As a recruiter helping advisors with career transitions, Phillip Flakes noticed that a lot of his clients were saying their next move would be their exit from the industry. The savvy entrepreneur didn't simply move on to more active prospects but realized there was a business opportunity in helping advisors in their final career transition.
The result is Succession Link, a new online marketplace for advisory practice mergers and acquisitions, which went live in May. While there are plenty of such businesses, Flakes' offering may be a unique value-add coming from a recruiter (his StarPoint Consulting Group has been arranging advisor/broker-dealer marriages for four years now.)
But it may be unique in another way as well. Succession Link charges no transaction fees to advisors selling their practices. Its business model is based on subscription fees to buyers looking for acquisitions on the site.
"Other competitors do charge transaction fees," Flakes told ThinkAdvisor in a phone interview. "Others will help the buying advisor find a practice. We will certainly help as well, but we want to start with the selling advisor first."

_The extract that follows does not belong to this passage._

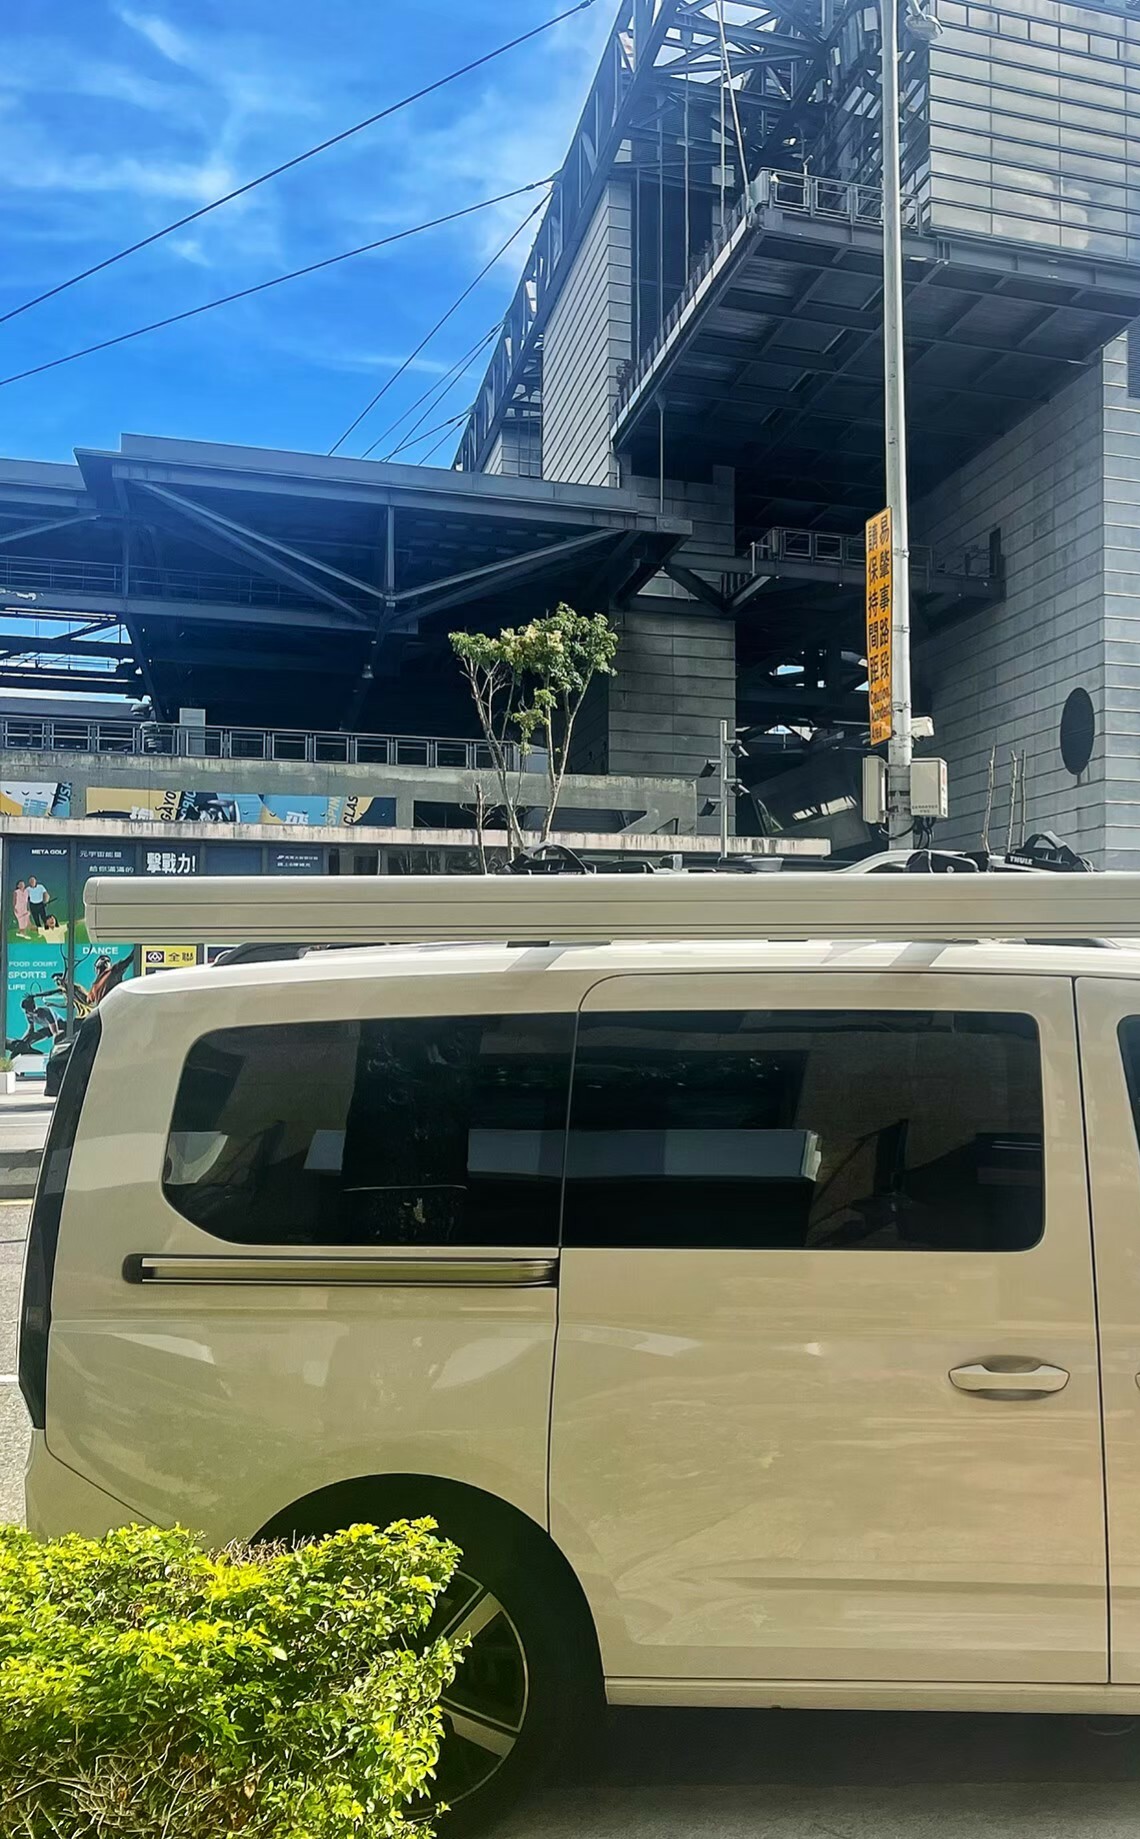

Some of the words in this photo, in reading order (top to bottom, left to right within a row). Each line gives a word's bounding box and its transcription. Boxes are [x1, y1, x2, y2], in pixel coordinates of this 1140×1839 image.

The free listing has so far attracted 44 advisors to list their practice since the site's May launch (41 are listed currently), a majority of which are sole practitioners along with a few two-to-three advisor shops and some larger teams.
"We're hoping that advisors at least stop in, test the waters, and see what the market will bear," Flakes said.

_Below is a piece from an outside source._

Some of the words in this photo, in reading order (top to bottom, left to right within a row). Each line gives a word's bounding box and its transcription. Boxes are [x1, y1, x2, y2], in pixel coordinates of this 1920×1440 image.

While Flakes helped to seed the site with practices from among the 60 advisor groups that StarPoint has helped to transition, he sees a broader marketplace beyond these prior relationships in building Succession Link.
"67,000 advisors are 55 and older and … what that says to me there is certainly a huge opportunity," he says. "And very few have a formal succession plan in place."
Besides the wasted opportunity of a business going to its grave without giving its still-vital organs a chance for new life, Flakes argues that aging advisors must confront a basic ethical question about what is in their clients' best interests.
"What if the client were asking the question: Do you have a succession plan? And for advisors who do not, what would your response be?" Flakes asks.
"Financial advisors have to remember there are clients attached to the assets they manage," he says. "If you're trying to hold on as long as you can and not bring in a junior advisor, you have to question what that says to the client in the end."
For those advisors who have dipped their feet in succession, some hold out in another way—refusing to sell unless they get the multiple they want on their practice. But that is their prerogative.
Flakes (left) says selling advisors can list their own asking price, state their preferred multiple — say two or three times revenue — or list no asking price whatsoever. Some may stick to their price and others may lose resolve or be attracted to a deal in hand.
"We do get our handful of advisors that say 'if I don't get the multiple I want on the practice, I'll just keep working,'" he says.